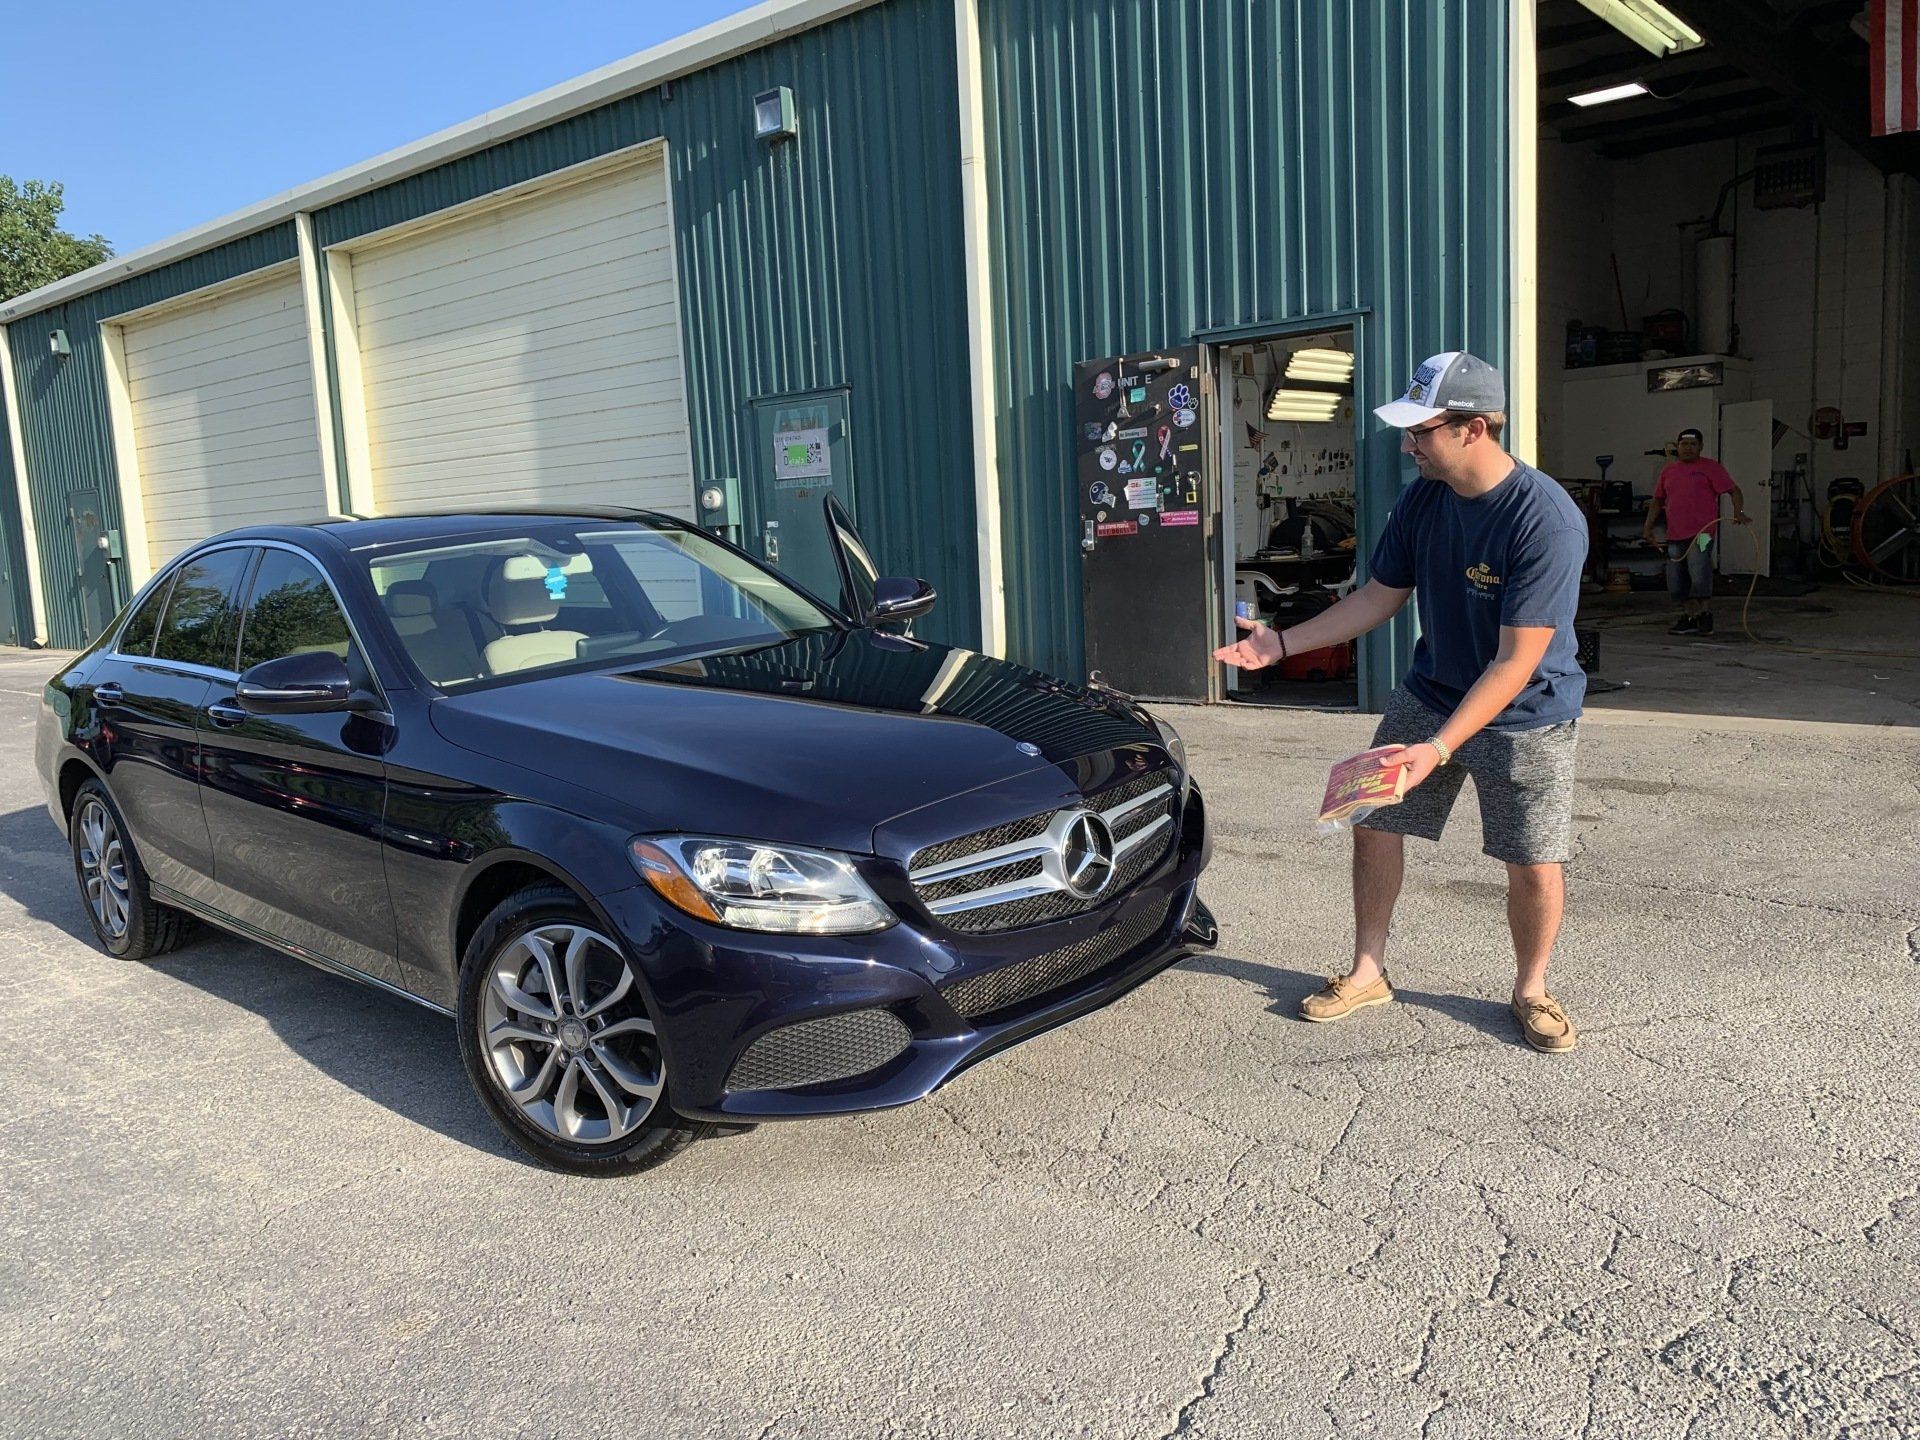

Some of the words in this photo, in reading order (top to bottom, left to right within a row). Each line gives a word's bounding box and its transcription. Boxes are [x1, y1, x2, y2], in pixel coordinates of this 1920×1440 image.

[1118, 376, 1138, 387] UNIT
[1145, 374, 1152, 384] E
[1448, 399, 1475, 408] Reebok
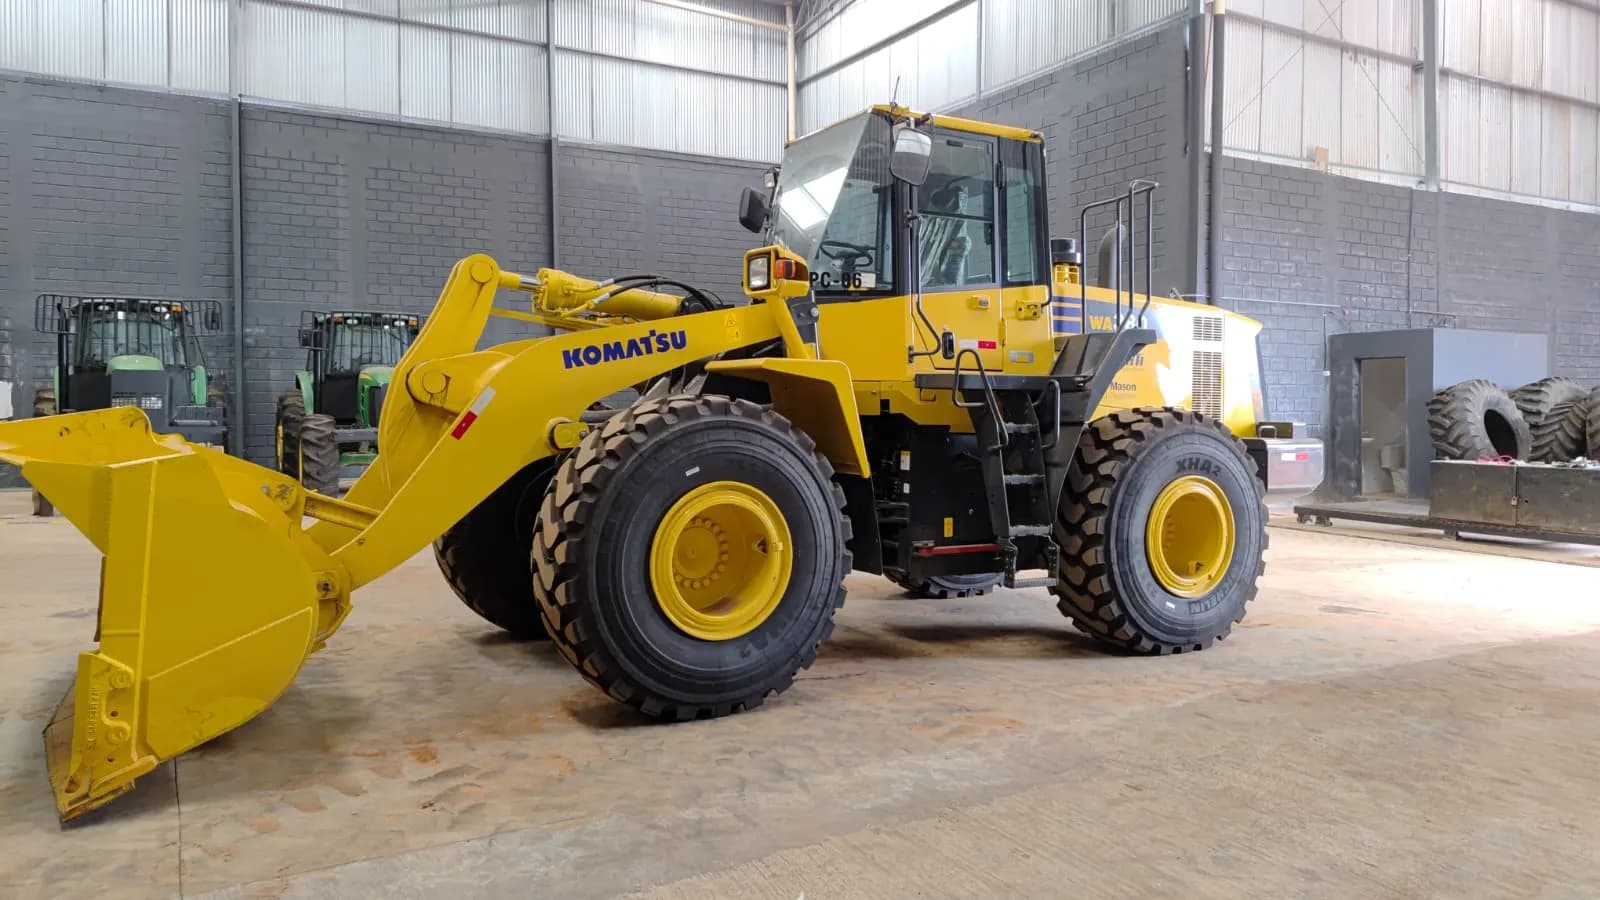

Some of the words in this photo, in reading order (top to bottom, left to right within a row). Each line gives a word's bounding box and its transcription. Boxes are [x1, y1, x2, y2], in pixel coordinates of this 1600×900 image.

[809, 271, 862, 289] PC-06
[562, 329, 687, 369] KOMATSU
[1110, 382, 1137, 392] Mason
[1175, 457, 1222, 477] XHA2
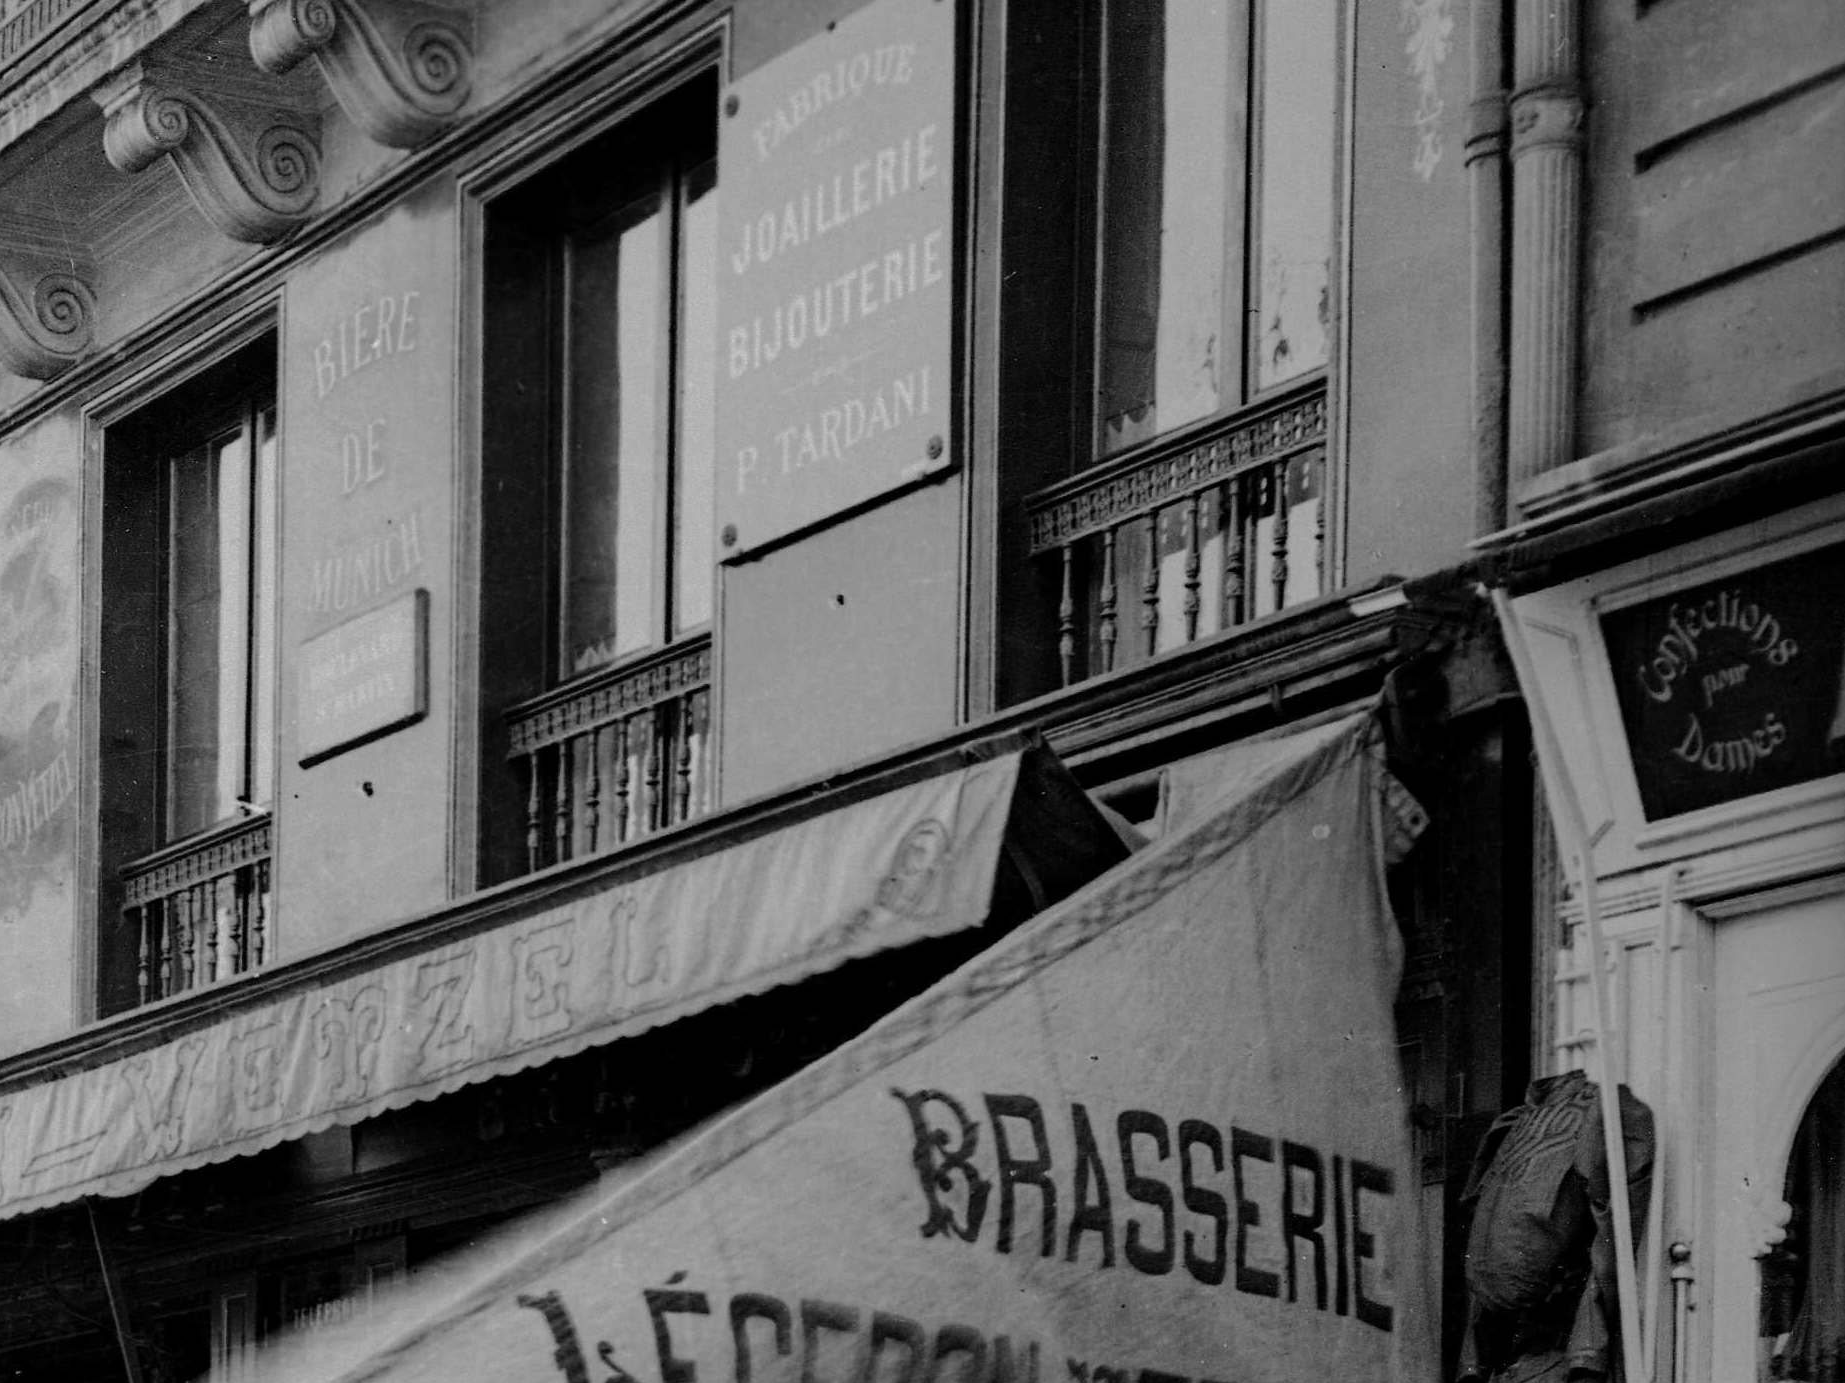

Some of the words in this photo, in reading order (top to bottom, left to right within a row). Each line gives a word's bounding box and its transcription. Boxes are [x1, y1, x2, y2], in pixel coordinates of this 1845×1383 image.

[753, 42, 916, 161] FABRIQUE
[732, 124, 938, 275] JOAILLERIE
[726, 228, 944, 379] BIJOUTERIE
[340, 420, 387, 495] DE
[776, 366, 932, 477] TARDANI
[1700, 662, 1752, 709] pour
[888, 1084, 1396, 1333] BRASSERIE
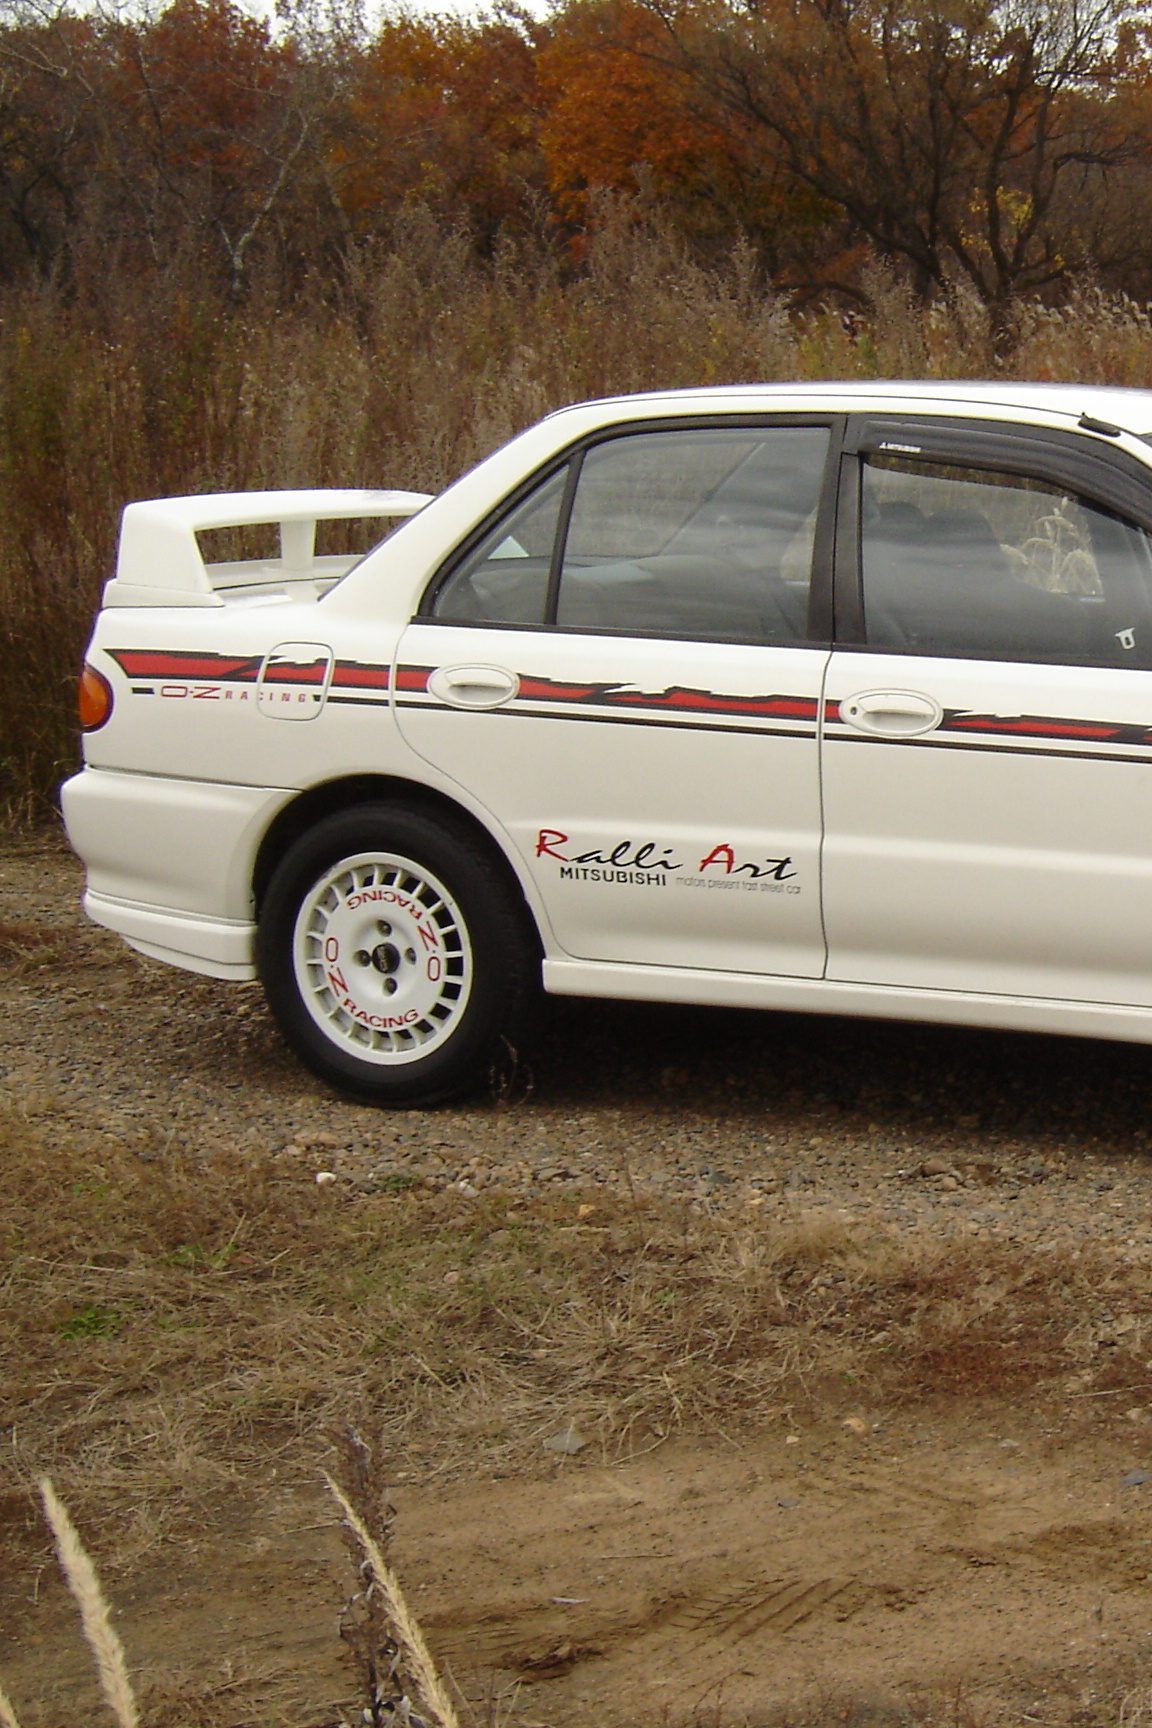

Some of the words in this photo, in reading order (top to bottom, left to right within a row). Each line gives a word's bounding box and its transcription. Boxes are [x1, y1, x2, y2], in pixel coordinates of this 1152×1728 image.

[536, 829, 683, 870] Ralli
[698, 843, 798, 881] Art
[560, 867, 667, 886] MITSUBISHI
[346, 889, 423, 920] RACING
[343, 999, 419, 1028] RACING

**EXERCISE DESCRIPTION:** Print exactly, and only, the lines from the line containing "this 1152×1728 image." through the final line of the records, both included.

**ANSWER TO THIS TASK:**
Some of the words in this photo, in reading order (top to bottom, left to right within a row). Each line gives a word's bounding box and its transcription. Boxes are [x1, y1, x2, y2], in pixel coordinates of this 1152×1728 image.

[536, 829, 683, 870] Ralli
[698, 843, 798, 881] Art
[560, 867, 667, 886] MITSUBISHI
[346, 889, 423, 920] RACING
[343, 999, 419, 1028] RACING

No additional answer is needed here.